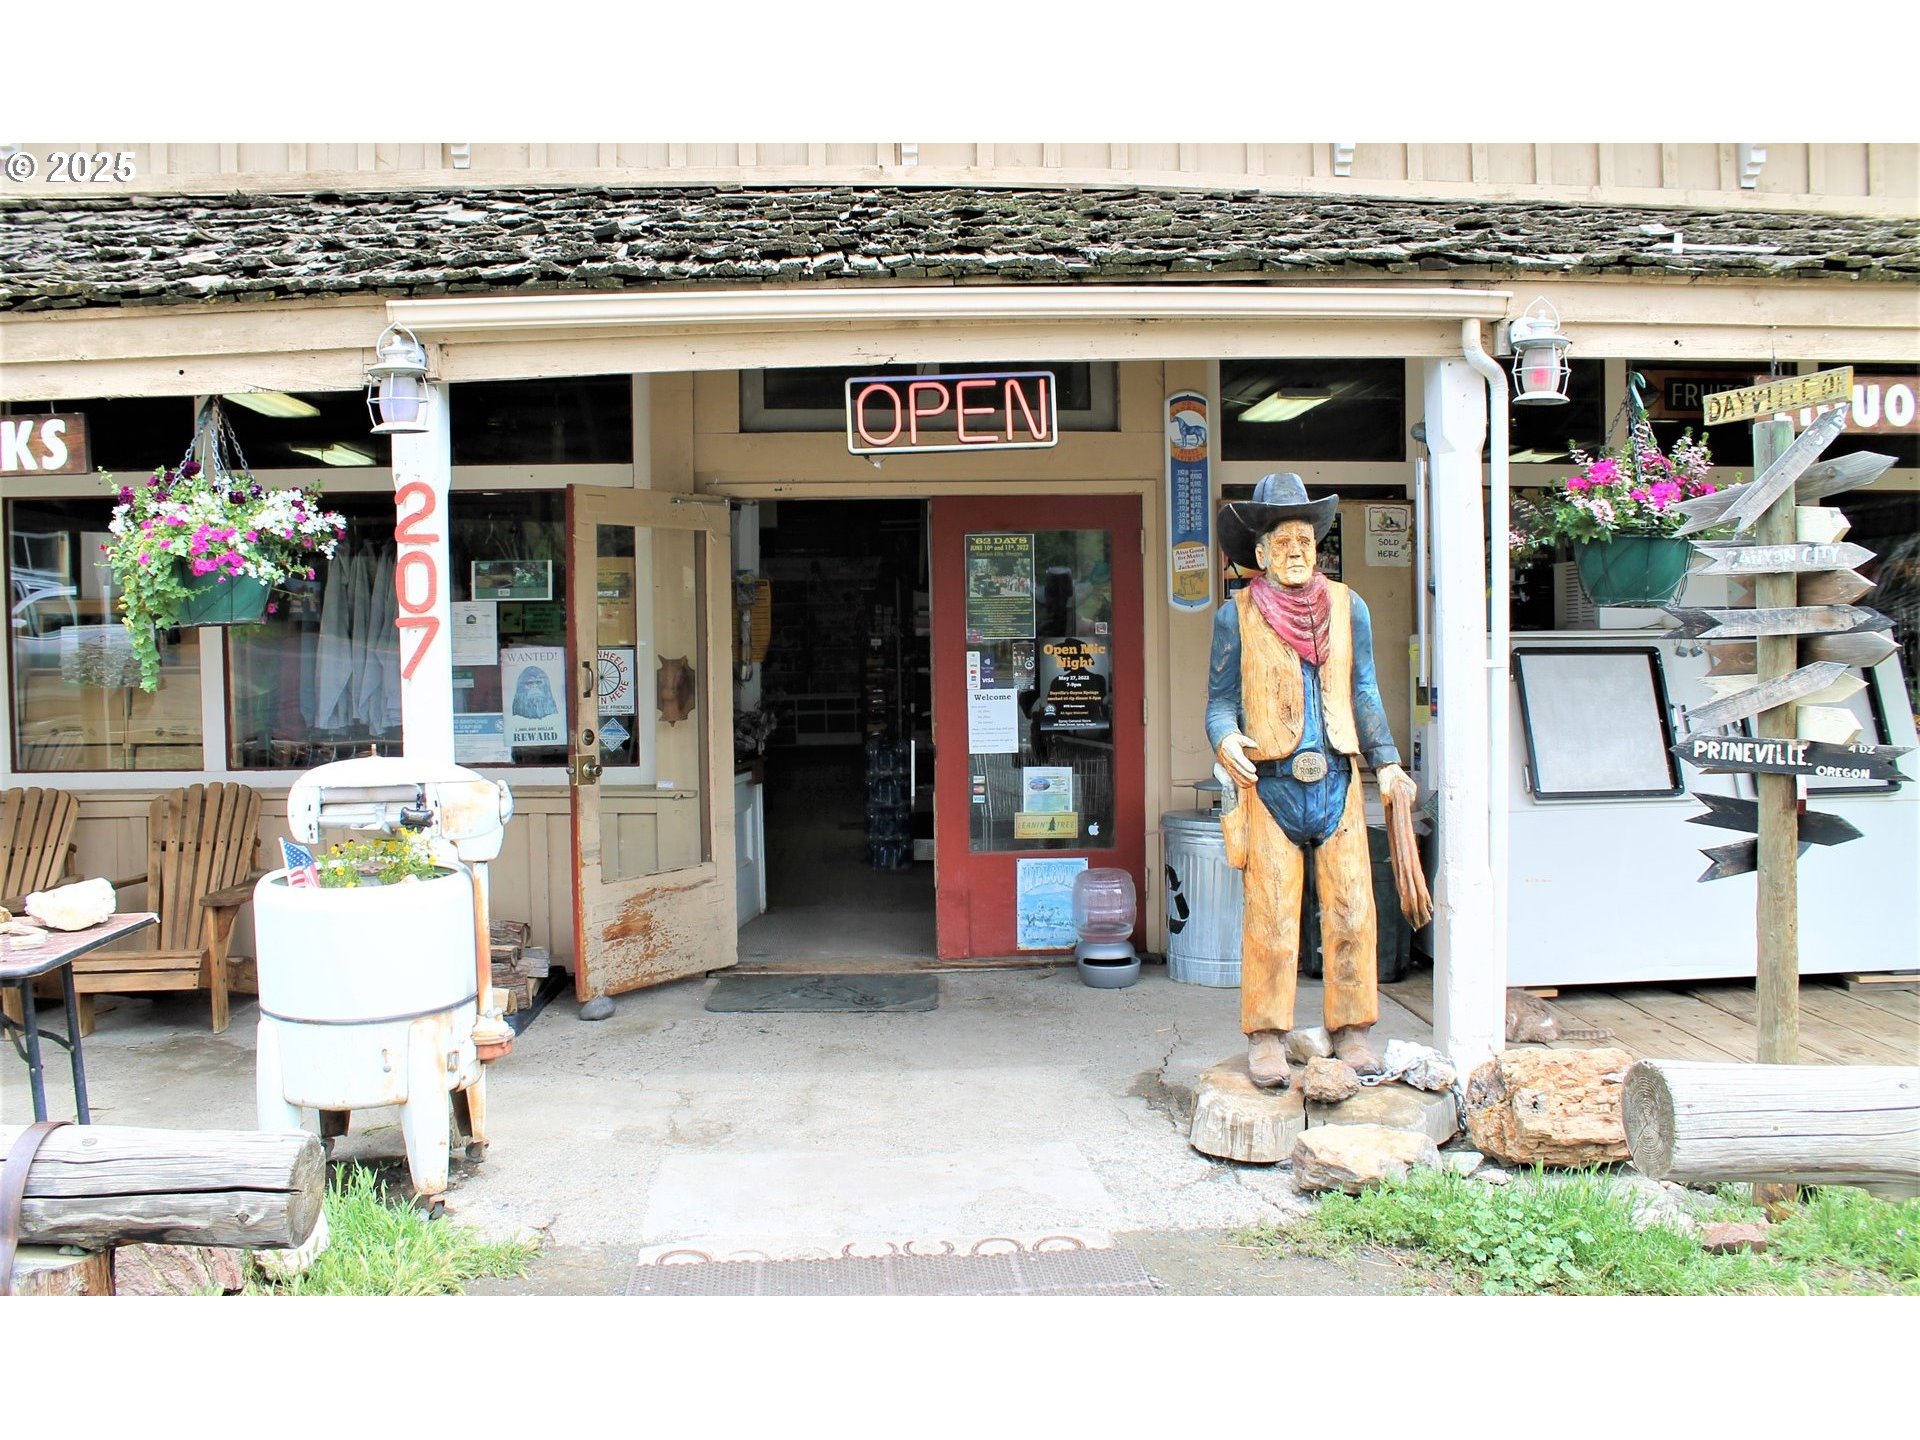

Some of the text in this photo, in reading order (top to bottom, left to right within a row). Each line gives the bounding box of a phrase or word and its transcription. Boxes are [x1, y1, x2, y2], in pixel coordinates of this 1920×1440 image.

[857, 379, 1047, 446] OPEN
[0, 418, 68, 471] KS
[993, 536, 1028, 544] DAYS
[1377, 538, 1400, 546] SOLD
[1377, 550, 1400, 558] HERE
[1802, 545, 1840, 565] CITY
[394, 482, 440, 679] 207
[1043, 643, 1106, 656] Open Mic
[506, 651, 559, 662] WANTED!
[1056, 656, 1094, 670] Night
[609, 680, 629, 702] HERE
[974, 693, 1012, 701] Welcome
[513, 731, 558, 742] REWARD
[1300, 767, 1320, 775] RODEO
[1815, 765, 1871, 779] OREGON
[1057, 821, 1075, 829] TREE

**THE TASK**
Copy the listing verbatim, omitting images.

**WRITTEN REPLY**
Some of the text in this photo, in reading order (top to bottom, left to right within a row). Each line gives the bounding box of a phrase or word and its transcription. Boxes are [x1, y1, x2, y2], in pixel coordinates of this 1920×1440 image.

[857, 379, 1047, 446] OPEN
[0, 418, 68, 471] KS
[993, 536, 1028, 544] DAYS
[1377, 538, 1400, 546] SOLD
[1377, 550, 1400, 558] HERE
[1802, 545, 1840, 565] CITY
[394, 482, 440, 679] 207
[1043, 643, 1106, 656] Open Mic
[506, 651, 559, 662] WANTED!
[1056, 656, 1094, 670] Night
[609, 680, 629, 702] HERE
[974, 693, 1012, 701] Welcome
[513, 731, 558, 742] REWARD
[1300, 767, 1320, 775] RODEO
[1815, 765, 1871, 779] OREGON
[1057, 821, 1075, 829] TREE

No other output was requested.